We have:
- three random variables $X_1,X_2,X_3$,
- three $\sigma$-fields $\mathcal{G}_1, \mathcal{G}_2, \mathcal{G}_3$,
- three random variables $Y_{1,2}$, $Y_{2,3}$, $Y_{3,1}$, such that:
- $X_1=\mathbb{E}(Y_{1,2}|\mathcal{G_1})$ and $X_2=\mathbb{E}(Y_{1,2}|\mathcal{G_2})$,
- $X_2=\mathbb{E}(Y_{2,3}|\mathcal{G_2})$ and $X_3=\mathbb{E}(Y_{2,3}|\mathcal{G_3})$,
- $X_3=\mathbb{E}(Y_{3,1}|\mathcal{G_3})$ and $X_1=\mathbb{E}(Y_{3,1}|\mathcal{G_1})$.

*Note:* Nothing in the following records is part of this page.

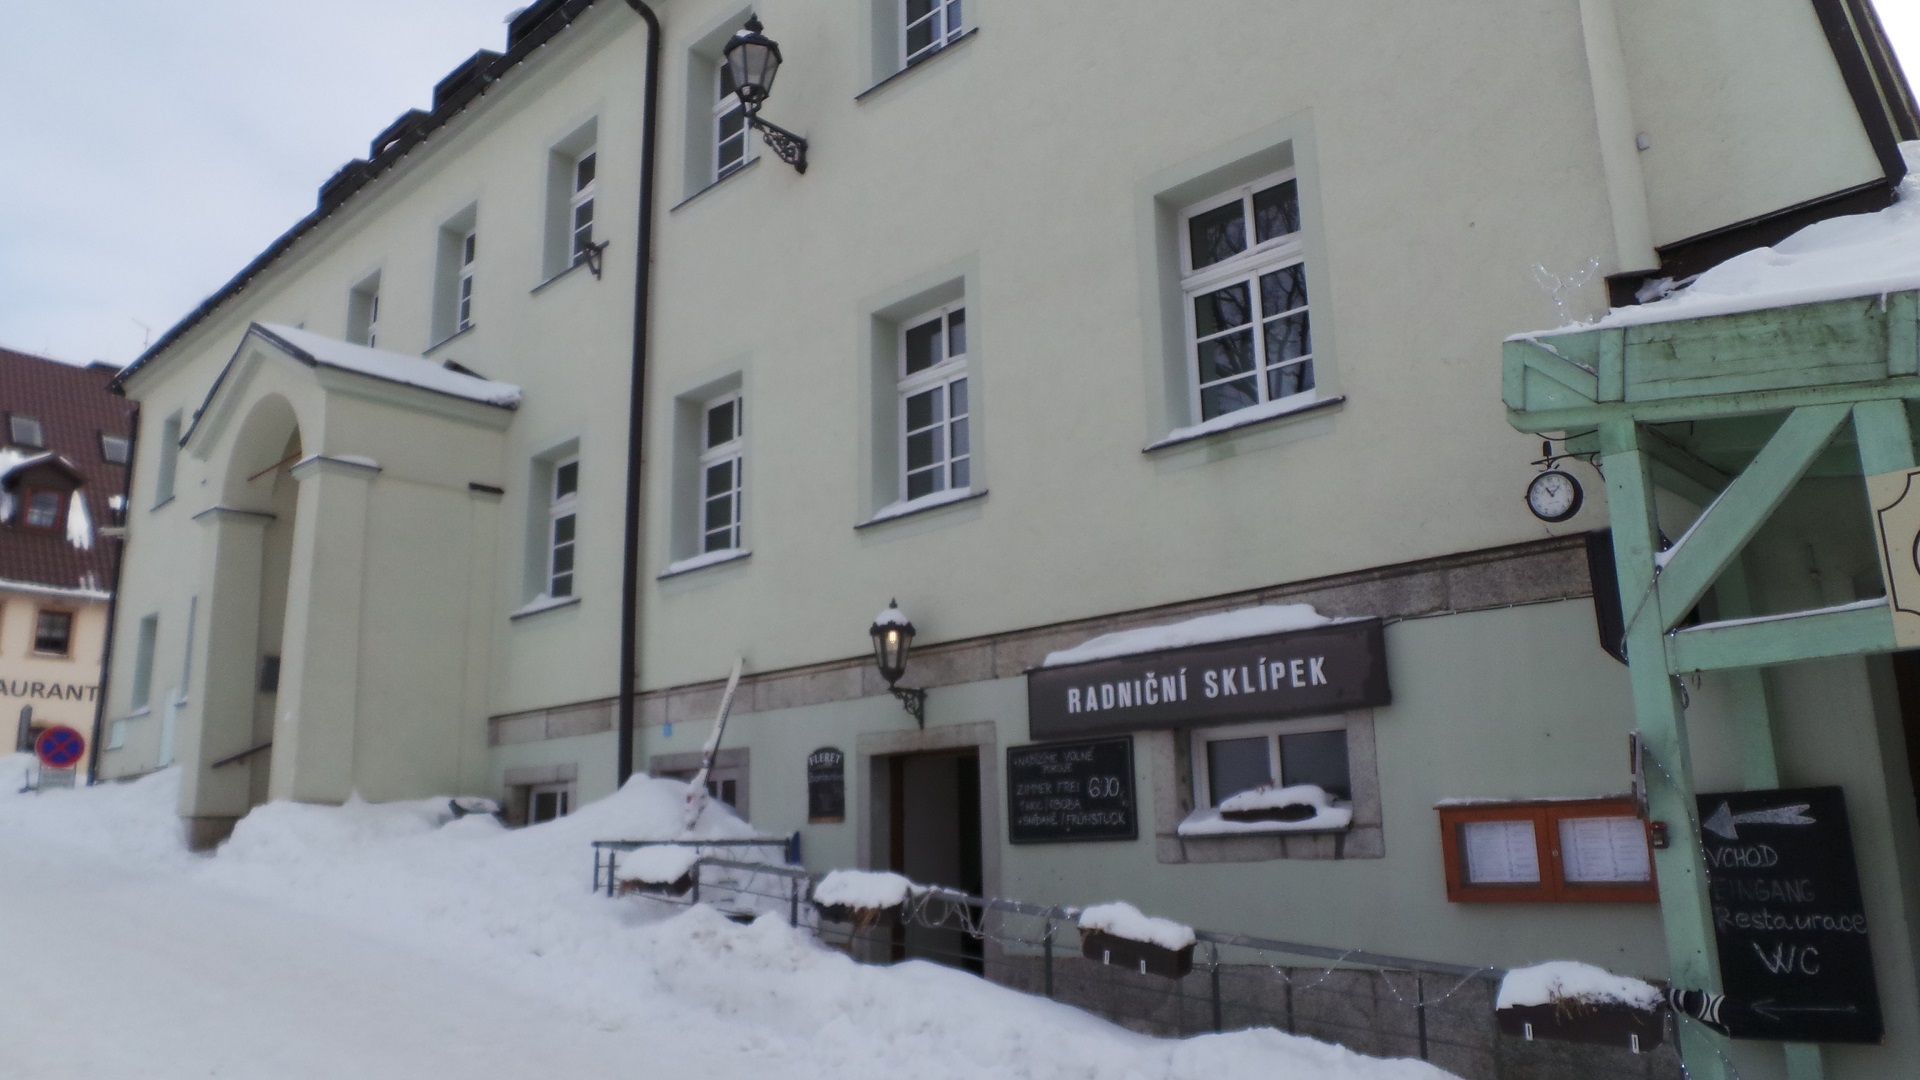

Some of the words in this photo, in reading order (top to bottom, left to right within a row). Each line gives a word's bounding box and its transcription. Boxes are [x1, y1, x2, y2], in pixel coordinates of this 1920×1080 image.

[1068, 668, 1187, 714] RADNIČNÍ
[1204, 656, 1329, 699] SKLÍPEK
[1016, 783, 1052, 795] ZIMMER
[1057, 780, 1081, 793] FREI
[1706, 845, 1778, 868] VCHOD
[1713, 878, 1816, 903] EINGANG
[1715, 907, 1868, 934] Restaurace
[1752, 942, 1820, 975] WC

(all the above hold a.s.) My question is:
does this imply, that there exists a random variable $Z$, such that
$$X_i=\mathbb{E}(Z|\mathcal{G}_i),$$ for $i=1,2,3$?
Let us assume that there exists a random variable $U\sim \mathcal{U}(0,1)$ which is independent from all $X_i, Y_{i,j}$.
I have been thinking about this a bit, and I am rather convinced, that this is not true. Even though, I do not have a good idea on how to construct a counterexample. I will be glad for any help.